Records drawn from a dataset:
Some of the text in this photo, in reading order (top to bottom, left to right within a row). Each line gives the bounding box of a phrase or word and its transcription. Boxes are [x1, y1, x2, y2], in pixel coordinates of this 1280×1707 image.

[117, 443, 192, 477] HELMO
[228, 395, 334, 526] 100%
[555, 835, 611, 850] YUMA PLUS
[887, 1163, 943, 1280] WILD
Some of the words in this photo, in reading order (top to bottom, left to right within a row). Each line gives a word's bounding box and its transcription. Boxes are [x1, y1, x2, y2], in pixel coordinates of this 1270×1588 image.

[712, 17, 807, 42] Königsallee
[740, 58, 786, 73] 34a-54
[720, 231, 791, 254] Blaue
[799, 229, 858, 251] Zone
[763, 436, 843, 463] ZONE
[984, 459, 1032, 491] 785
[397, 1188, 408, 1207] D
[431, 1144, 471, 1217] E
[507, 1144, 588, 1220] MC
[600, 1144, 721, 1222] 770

— PROBLEM TO WORK ON —
Return all the data above once more, precisely as given.

— ANSWER TO THIS TASK —
Some of the text in this photo, in reading order (top to bottom, left to right within a row). Each line gives the bounding box of a phrase or word and its transcription. Boxes are [x1, y1, x2, y2], in pixel coordinates of this 1280×1707 image.

[117, 443, 192, 477] HELMO
[228, 395, 334, 526] 100%
[555, 835, 611, 850] YUMA PLUS
[887, 1163, 943, 1280] WILD
Some of the words in this photo, in reading order (top to bottom, left to right within a row). Each line gives a word's bounding box and its transcription. Boxes are [x1, y1, x2, y2], in pixel coordinates of this 1270×1588 image.

[712, 17, 807, 42] Königsallee
[740, 58, 786, 73] 34a-54
[720, 231, 791, 254] Blaue
[799, 229, 858, 251] Zone
[763, 436, 843, 463] ZONE
[984, 459, 1032, 491] 785
[397, 1188, 408, 1207] D
[431, 1144, 471, 1217] E
[507, 1144, 588, 1220] MC
[600, 1144, 721, 1222] 770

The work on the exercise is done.